Copyright Basics for the Programmer

A primer on infringement protection for your program

By Patricia Mayer, Culver City, California

This article is a primer on how you can use the U.S. Copyright law to protect your program from infringement. Next month, I will give you a brief summary of some issues to consider if you decide to license your program to a distributor. I do need to give you a bit of a lawyer-type disclaimer right up front: this article is just a general overview and in law, as in so many things, to every broad, general statement there are millions of exceptions. Also, I am only going to talk about U.S. copyright law. Every country has its own rules (or lack thereof) protecting intellectual property.

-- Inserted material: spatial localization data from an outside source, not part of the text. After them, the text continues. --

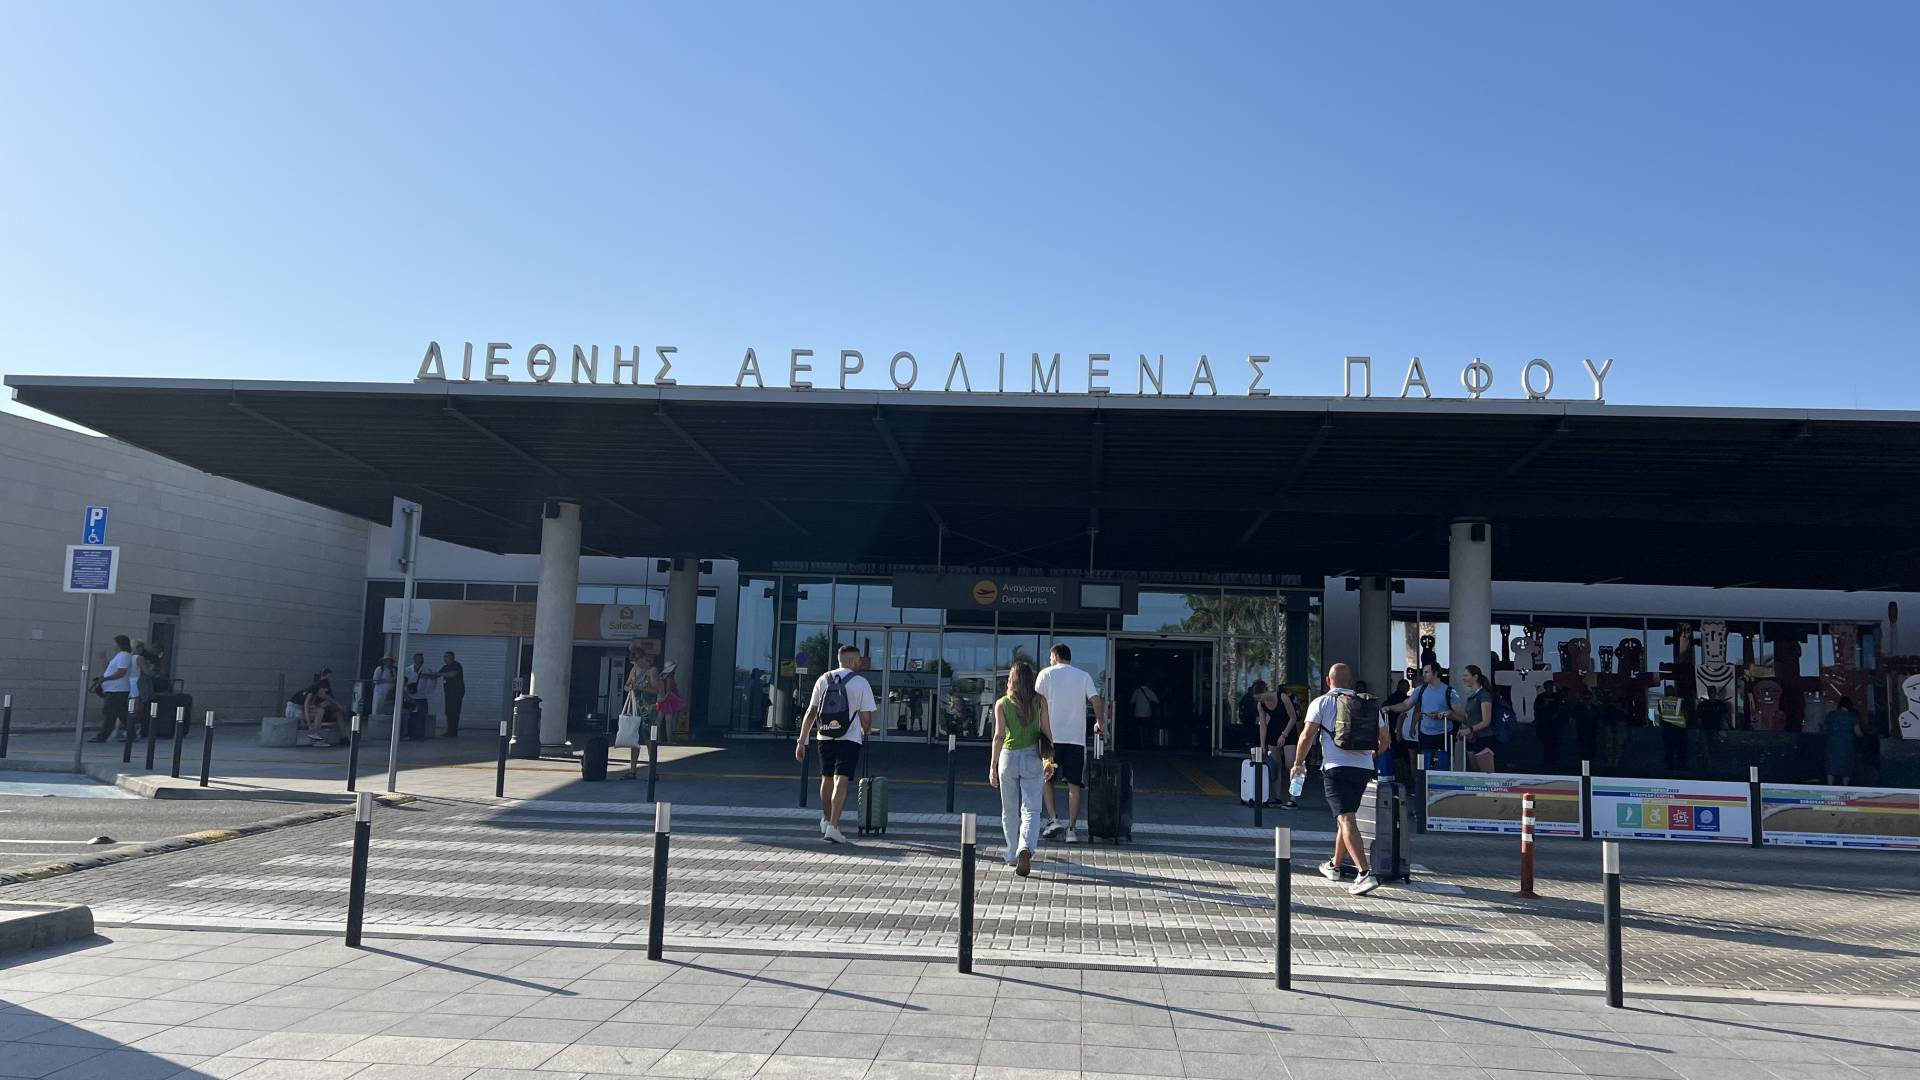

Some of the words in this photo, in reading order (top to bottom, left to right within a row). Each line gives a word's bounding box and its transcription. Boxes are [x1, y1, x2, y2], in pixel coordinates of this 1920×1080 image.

[416, 341, 678, 385] ΔΙΕΘΝΗΣ
[735, 347, 1271, 396] ΑΕΡΟΛΙΜΕΝΑΣ
[1344, 356, 1614, 400] ΠΑΦΟΥ
[90, 508, 103, 526] P
[1002, 583, 1057, 594] Αναχωρήσεις
[1001, 595, 1048, 605] Departures

In general, copyright protection is available for “works of authorship that are fixed in a tangible medium of expression”.1

Is Your Program A “Work Of Authorship”?

The first thing to remember is that ideas cannot be copyrighted, but expression of those ideas can. For example, you cannot claim copyright protection in the idea that personal computers should be capable of storing typed information and of allowing the user to edit that information. However, you can copyright the expression of that idea, the word processing program itself.2

The Copyright Office has established that your copyright in your program can protect the screen display resulting from that program as well as the program language itself. Therefore, both the program language and the screen display may be “expression.” Even operating systems may contain enough “expression” to be copyrightable.3

To receive copyright protection, the work must not only be expressive, it must be “original”. For the purposes of copyright law, a work is original if it is independently created. For example, if I go to a production of “Romeo and Juliette” and then go home and write a play identical to the one Shakespeare wrote, I cannot claim copyright in my play because, after all, my play is not original. However, if I created my play independently (i.e., I never read Shakespeare’s play and did not copy it either consciously or unconsciously), I could prove “originality” and therefore copyright “Romeo and Juliette.”

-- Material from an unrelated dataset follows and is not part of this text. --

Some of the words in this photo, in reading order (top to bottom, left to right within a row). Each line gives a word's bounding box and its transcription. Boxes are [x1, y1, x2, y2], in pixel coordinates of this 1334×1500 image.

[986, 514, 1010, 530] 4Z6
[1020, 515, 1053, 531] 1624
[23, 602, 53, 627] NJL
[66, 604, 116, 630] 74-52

What if only part of your program is original? If your program incorporates someone else’s program or subroutine, your program will only be copyrightable as a derivative work.4 Motion picture versions of novels, computer games based on comic books, translations of poetry from one language to another and the like are all copyrightable derivative works.

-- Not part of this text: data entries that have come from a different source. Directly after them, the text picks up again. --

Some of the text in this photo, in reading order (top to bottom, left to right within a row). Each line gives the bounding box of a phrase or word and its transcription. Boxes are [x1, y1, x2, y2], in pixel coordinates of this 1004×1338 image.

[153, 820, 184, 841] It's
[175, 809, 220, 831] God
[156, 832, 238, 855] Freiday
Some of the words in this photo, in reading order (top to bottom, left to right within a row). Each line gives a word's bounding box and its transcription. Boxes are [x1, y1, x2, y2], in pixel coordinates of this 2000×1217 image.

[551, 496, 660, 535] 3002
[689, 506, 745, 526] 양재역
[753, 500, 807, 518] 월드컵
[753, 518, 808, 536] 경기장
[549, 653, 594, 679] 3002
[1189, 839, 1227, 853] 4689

The copyright in the derivative work only extends to the elements of the derivative work that have been added to the underlying work. If you get a license from Microsoft to create a derivative work based on or incorporating “Windows”, your copyright will only be in what you added to “Windows.”

For a derivative work to be protected it must be based on a validly licensed underlying work. So, if you program a computer game in which four teenage mutant ninja turtles fight various evil doers on the way to the pizza parlor and you have not gotten a written license from the owner of the copyright of the Mutant Ninja Turtles, your computer game is not eligible for copyright protection because it is not a validly licensed derivative work.5

Is Your Program Fixed in a Tangible Medium Of Expression?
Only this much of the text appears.